Do you really need an assessment? Will it help, or will it create problems?
Conventional consulting approaches begin with detailed assessments to determine your current state of affairs, judge what’s good and bad about it, give it a score, provide a long list of recommendations and then build an improvement strategy based on the outcome. A typical assessment can take up to a couple of weeks plus report generation time. Does it really add the value you might expect?
Indeed, an assessment by an experienced consultant will build on what is learned on-site, using experience and insights gained from others. After it’s done, strategy development is normally carried out by a select leadership team, facilitated by the consultant who did the report, and then the change is rolled out to lower levels in the organization.
This approach is widely used and has served well for a long time. It is at the outset of almost any major consulting engagement. I’ve personally done hundreds of them. It can be useful when comparing sites among each other to see what can be learned internally from each other, but often turns into a contest to see who’s best. But, there is no award for that. Used that way it creates winners and losers. Even without multi-site comparisons, the scores you are given will serve to upset people more than motivate. Do you really want that? Do you really need an assessment?
Outside of maintenance and asset management, where a totally independent and unbiased perspective is required for strategic business decisions this approach – which assesses strengths, weaknesses, opportunities, and threats to the company is highly appropriate. For the most part, those corporate assessments are necessary to remove the blinders that executives often have as a result of all the management layers beneath them and the short term demands of financial markets.
In the realm of physical asset management, I suggest that a different approach that actually works better if your objective is to initiate improvement activities. It’s an approach that I’ve used for several years producing quick short term gains, long term plans, and a lot of buy-in for making the changes.

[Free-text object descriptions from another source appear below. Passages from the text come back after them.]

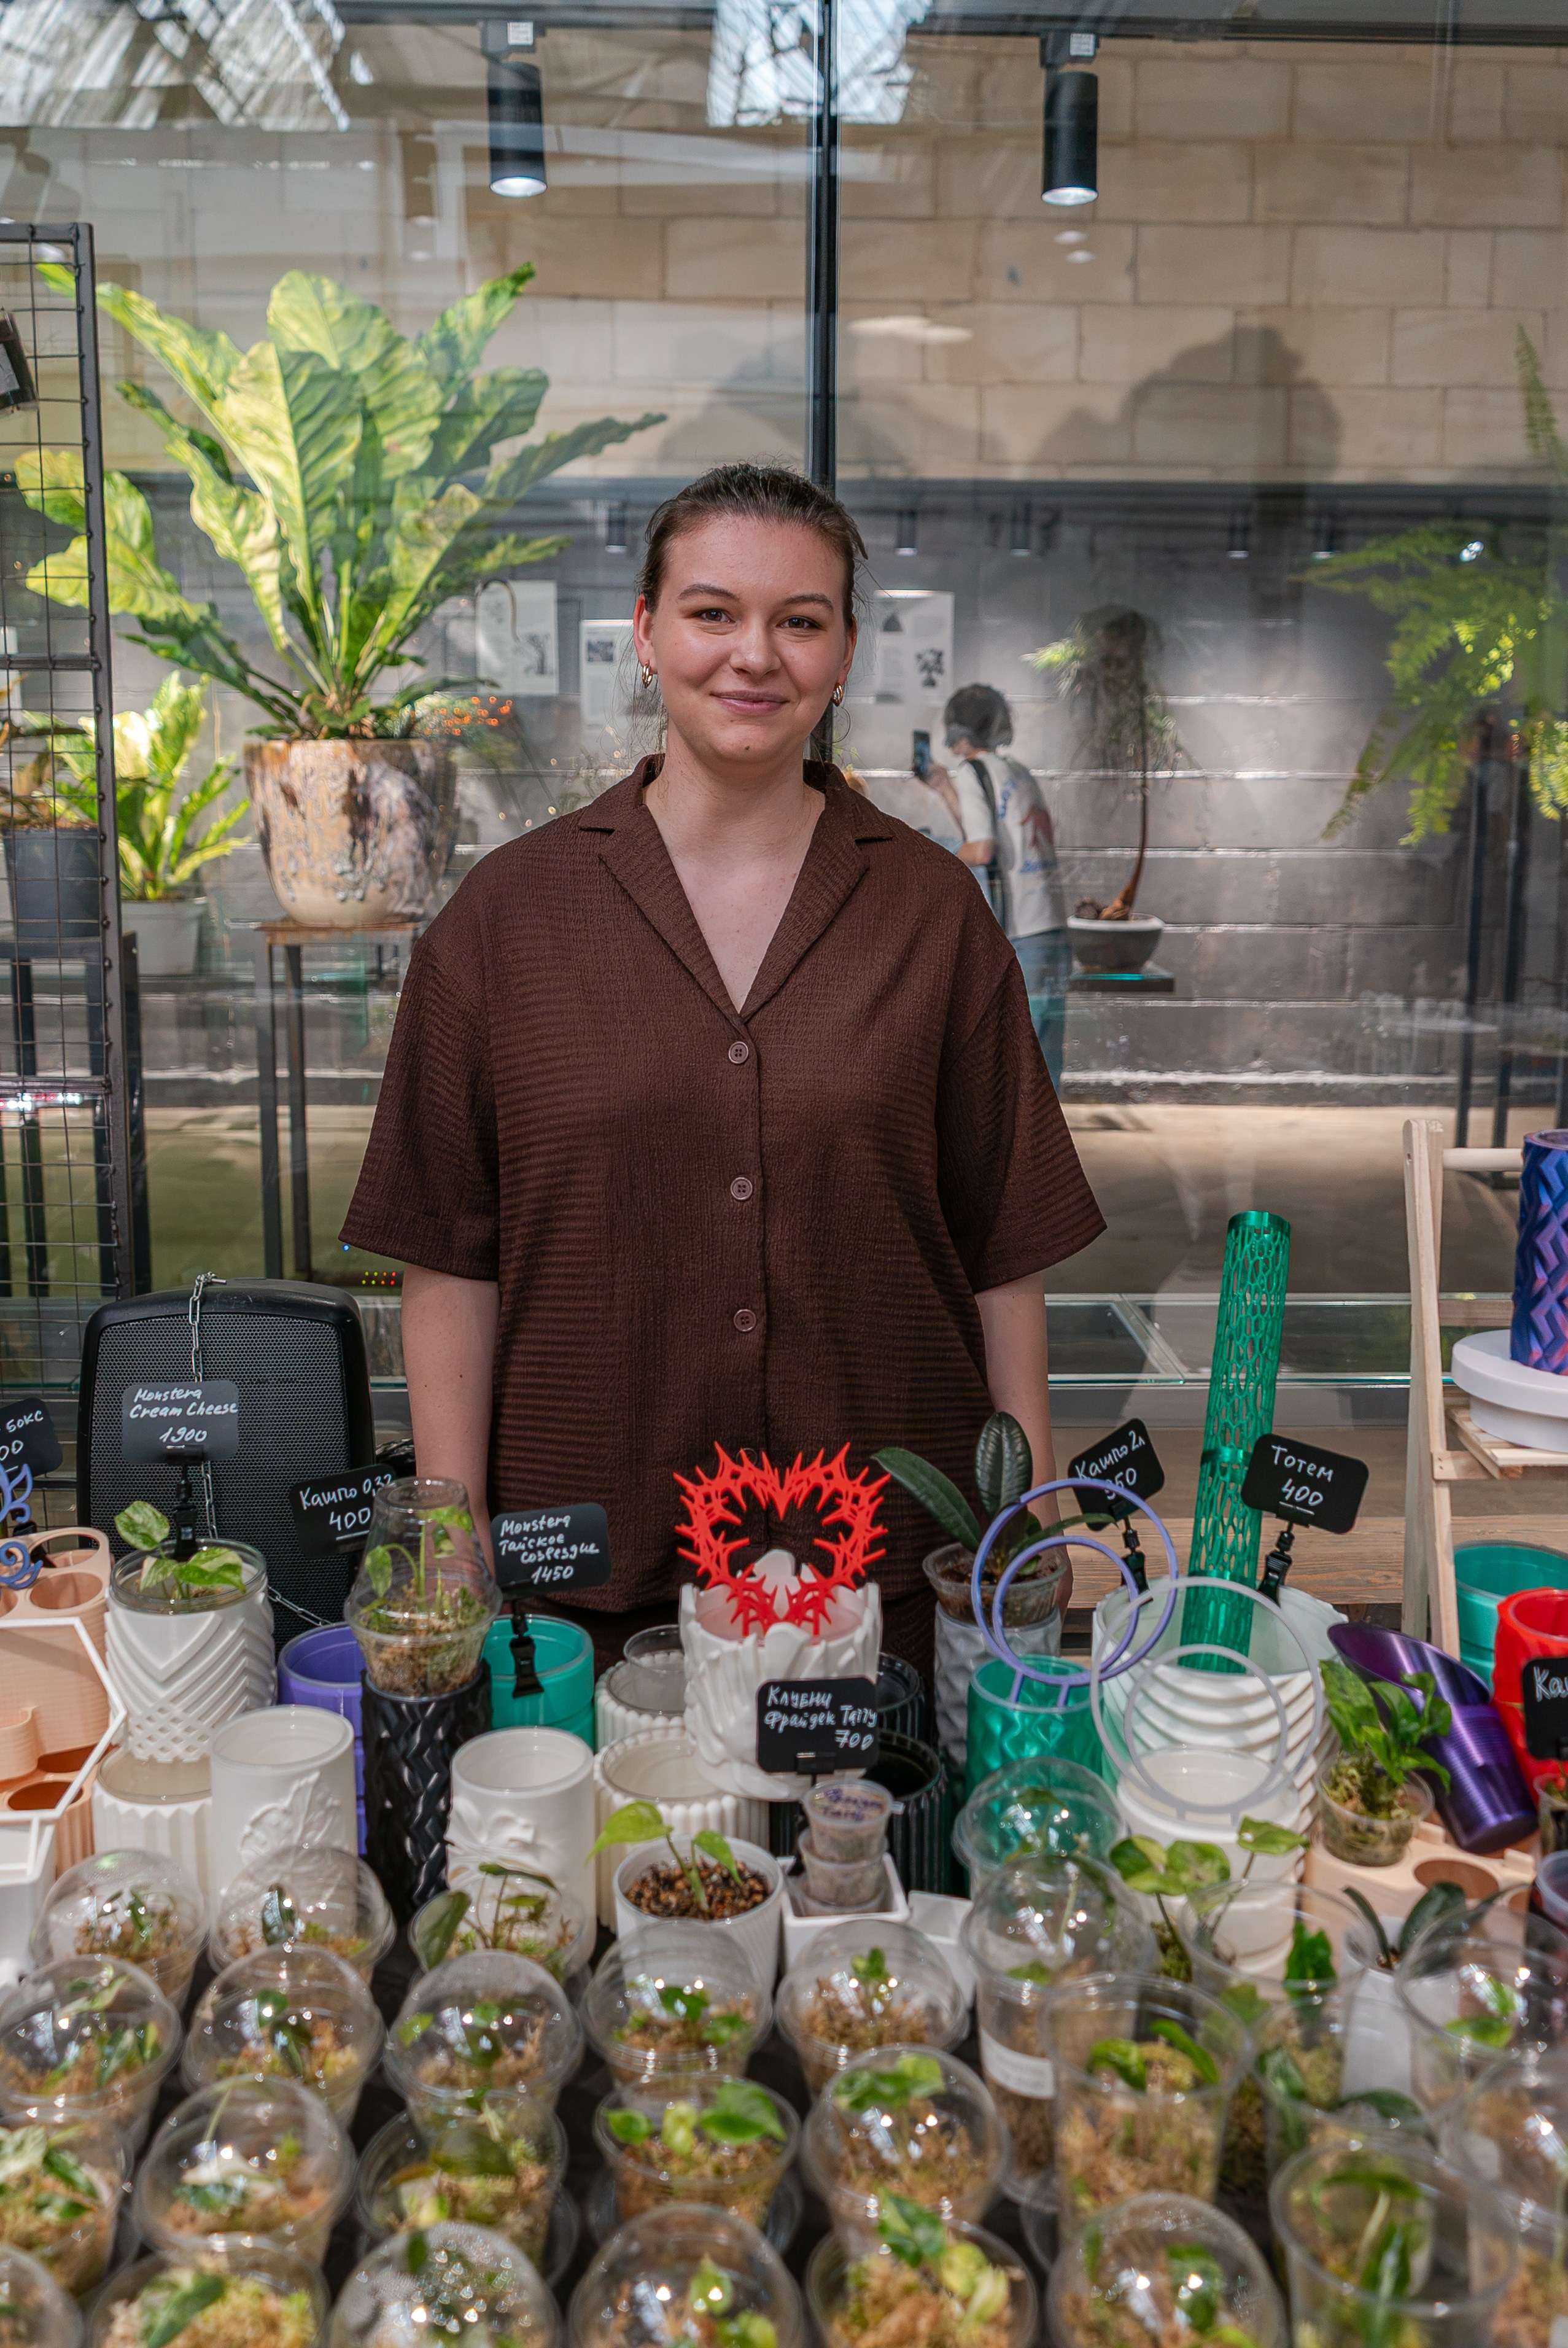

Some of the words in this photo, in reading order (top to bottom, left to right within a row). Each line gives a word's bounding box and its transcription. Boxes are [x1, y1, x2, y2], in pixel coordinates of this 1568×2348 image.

[133, 1388, 203, 1403] Monstera
[129, 1404, 183, 1419] Cream
[186, 1401, 239, 1416] Cheese
[159, 1426, 208, 1443] 1900
[1075, 1445, 1128, 1481] Кашпо
[1271, 1445, 1334, 1483] Тотем
[300, 1487, 357, 1510] Кашпо
[1281, 1478, 1324, 1507] 400
[329, 1507, 371, 1531] 400
[500, 1514, 571, 1537] Monstera
[499, 1533, 565, 1556] Тайское
[531, 1565, 574, 1585] 1450
[1534, 1666, 1568, 1702] Ка
[834, 1729, 874, 1751] 700

While many will struggle with change management, we seem to have found a way to avoid much of the resistance.
The conventional approach of assessing, recommending, and building an improvement strategy has a major flaw when dealing with people within an organization – it often leads to feelings of animosity towards those who carried it out. The nature of the process requires that judgment be applied to what is observed. That judgment usually takes the form of “this is good” or “that is bad”. At the corporate level when dealing with broad external and systemic internal factors where no-one is to “blame” this works. Generally, it is less prone to generating feelings of animosity.

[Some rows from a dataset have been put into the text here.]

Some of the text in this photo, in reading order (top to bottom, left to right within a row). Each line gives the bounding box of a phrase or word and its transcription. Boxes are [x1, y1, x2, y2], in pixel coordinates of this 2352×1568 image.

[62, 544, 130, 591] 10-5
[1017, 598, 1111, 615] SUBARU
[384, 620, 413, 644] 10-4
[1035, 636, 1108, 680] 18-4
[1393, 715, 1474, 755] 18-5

However, deep within an organization, when dealing with specific aspects of it like maintenance, like MRO materials management, like purchasing, etc., we are dealing with technology, processes, and people, and there is always a degree of “ownership” in the status quo. That “ownership” of the past is a big part (but by no means all) of what makes change so difficult to implement. An assessment score can be a real demotivator!

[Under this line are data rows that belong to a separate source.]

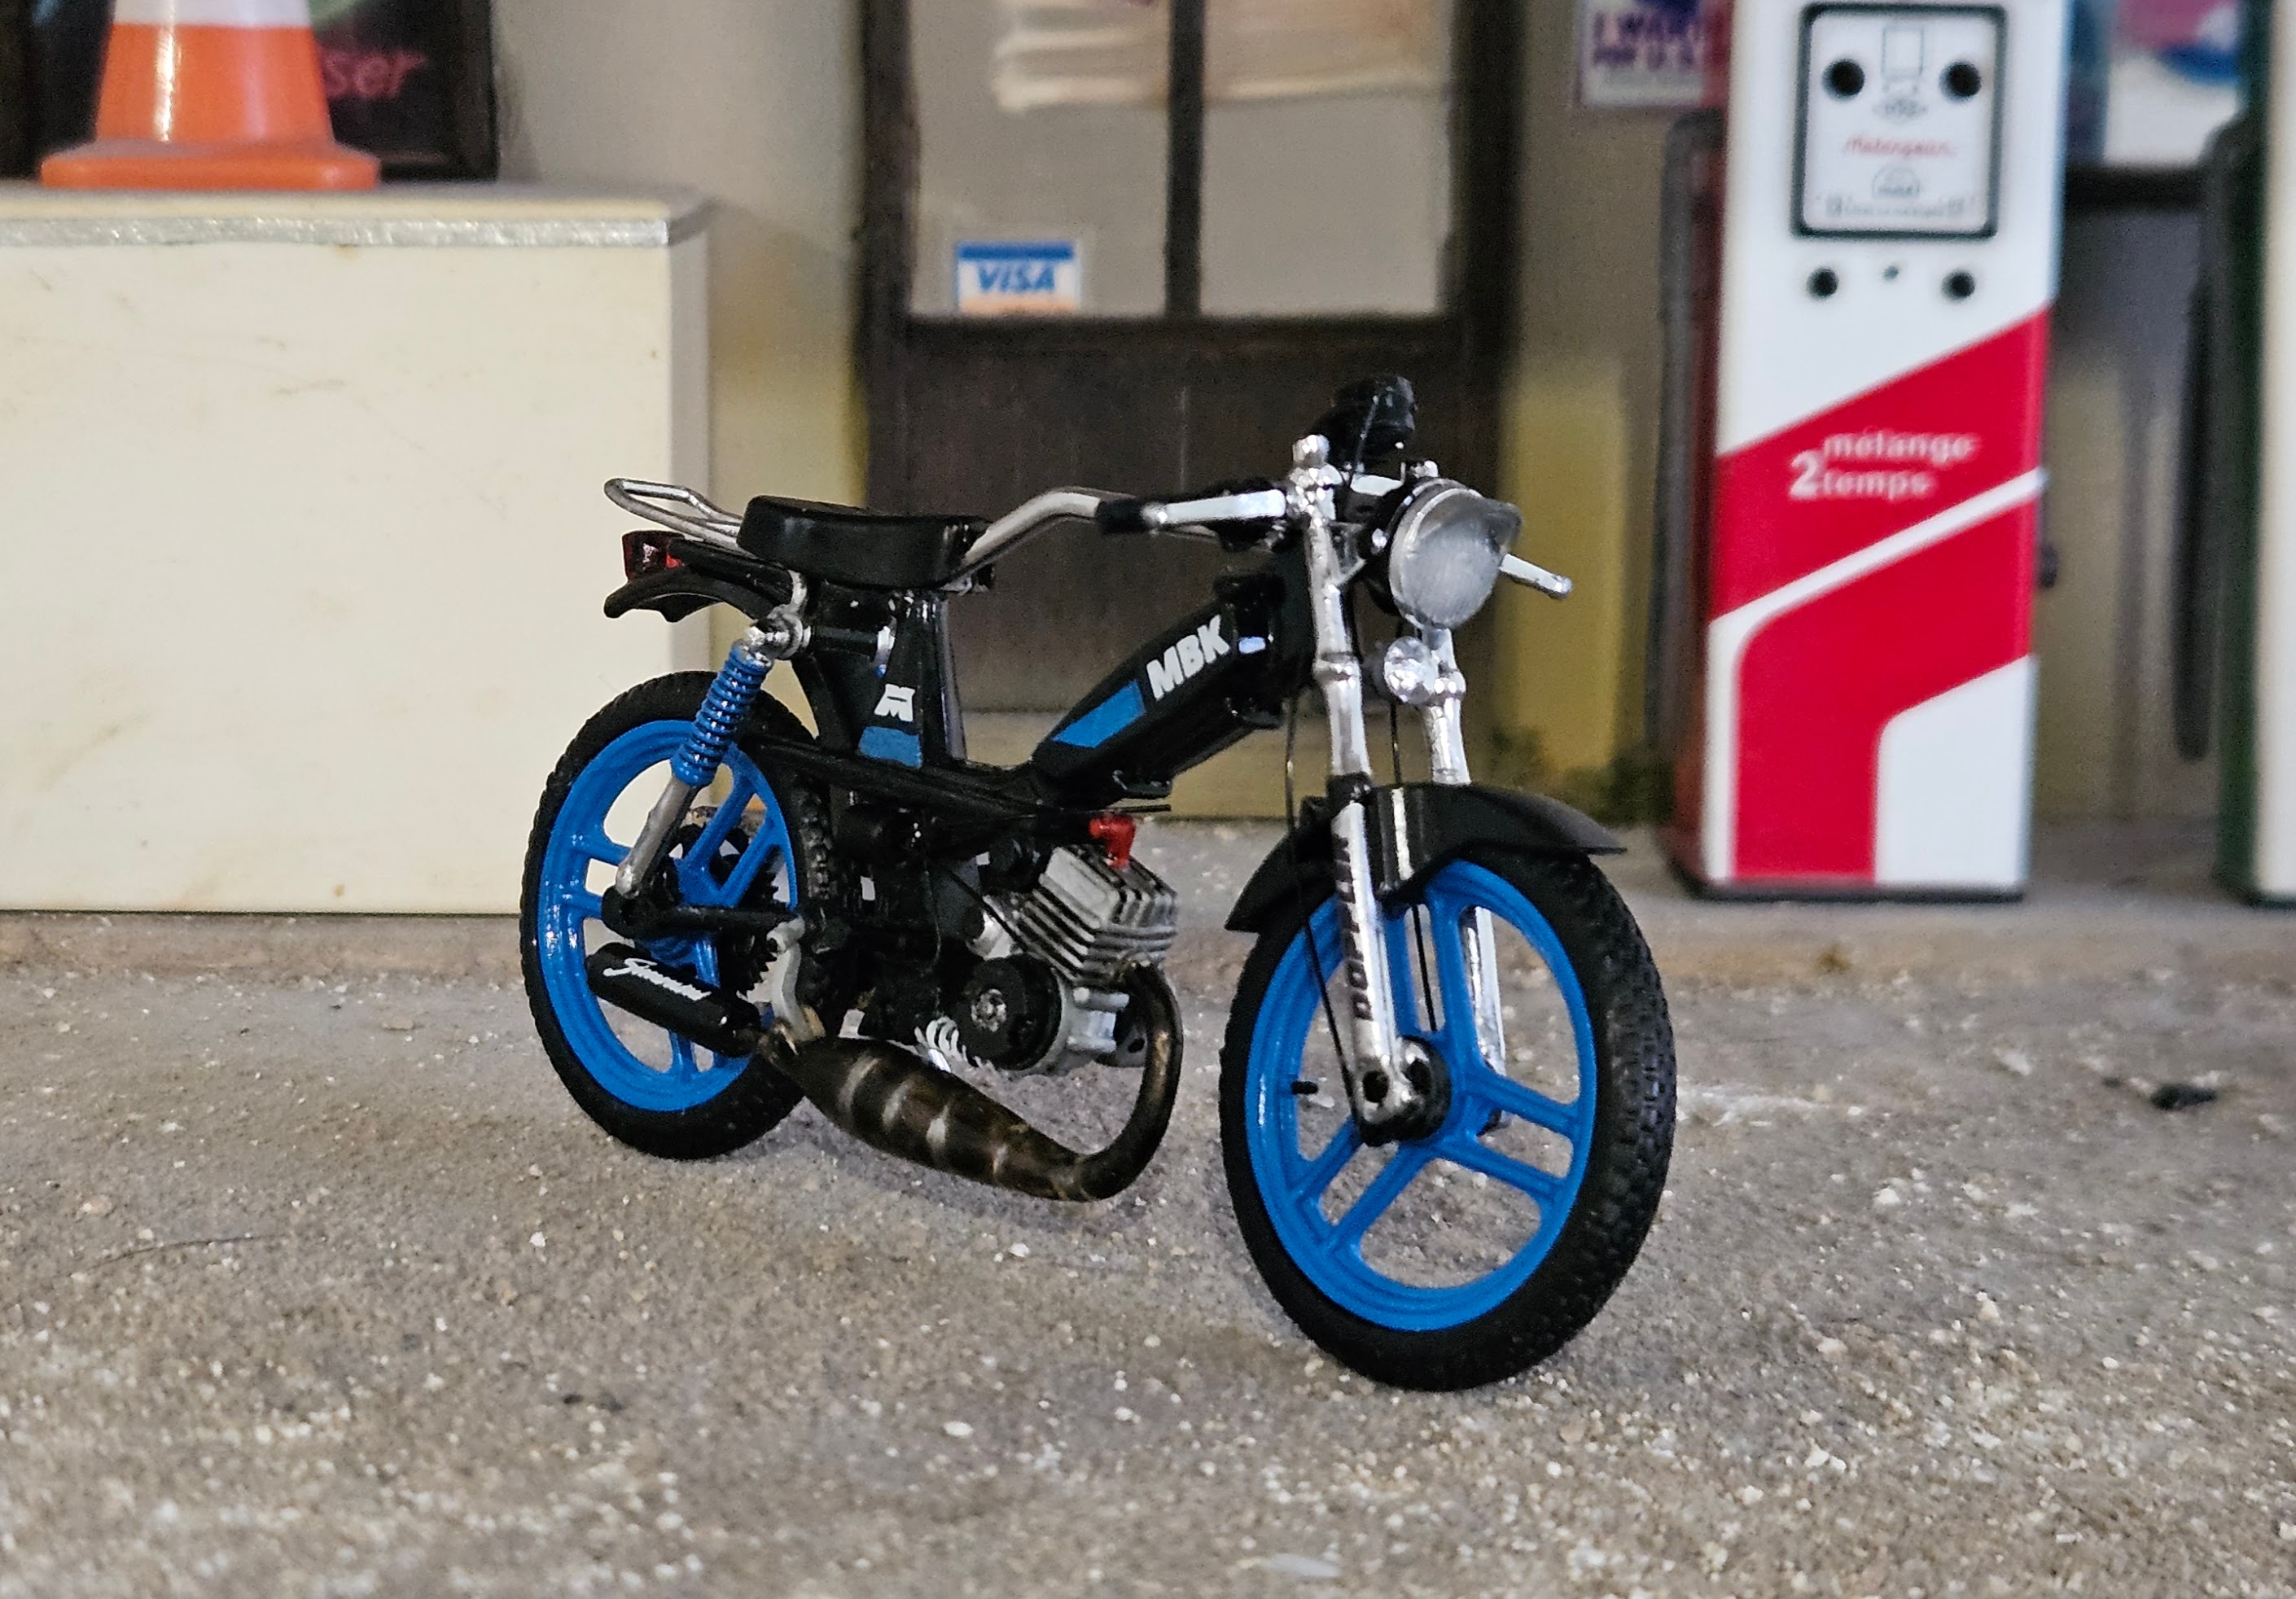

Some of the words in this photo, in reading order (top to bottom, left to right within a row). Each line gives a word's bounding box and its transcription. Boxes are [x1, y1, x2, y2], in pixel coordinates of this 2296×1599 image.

[979, 264, 1056, 292] VISA
[1825, 429, 1975, 466] mélange
[1790, 449, 1819, 498] 2
[1824, 471, 1931, 501] temps
[1146, 615, 1229, 700] MBK

Unless you really need a score, then why bother with the 3rd party assessment? Your people already know what they are doing. What they may lack, however, is an awareness of what works best for the company and what does not. They need to have a sense of, “what good looks like”.
For example, I’ve met many materials managers who truly believe they are doing a fantastic job by keeping the dollar value of inventory levels down even though service levels (as determined by asking mechanics about their storeroom experiences) are poor. Money is saved in inventory (one of their KPIs) but lost to the lack of productivity on the part of the tradesmen who waste time waiting for parts that aren’t there. That’s not one of the stores KPIs and even the maintenance department probably doesn’t measure it. I’ve also met many maintenance supervisors and trades who are proud of their ability to get parts “in spite of” the storeroom’s poor service performance. That leads to a lot of stores, inventory management, and supply chain problems including excessive working capital tied up in materials that few even know are there.
Other supervisors, trades, and maintenance managers are often proud of their ability to put out fires – get repairs done rapidly under arduous and emergency conditions. If you are into hero-worship or stroking your own ego then that is good, but the business would benefit more if the failures were avoided instead of repaired. An unbiased third party cuts through all that because they are aware of successful practices – they can see things from a different perspective. But who says that perspective has to come from a third party? What’s needed is a new perspective, but it doesn’t need to come in the form of a judgment.
Here’s a tool you can try – it’s our online (and free) maintenance and reliability maturity assessment. It will help you see, or perhaps confirm, that there is an opportunity for improvement.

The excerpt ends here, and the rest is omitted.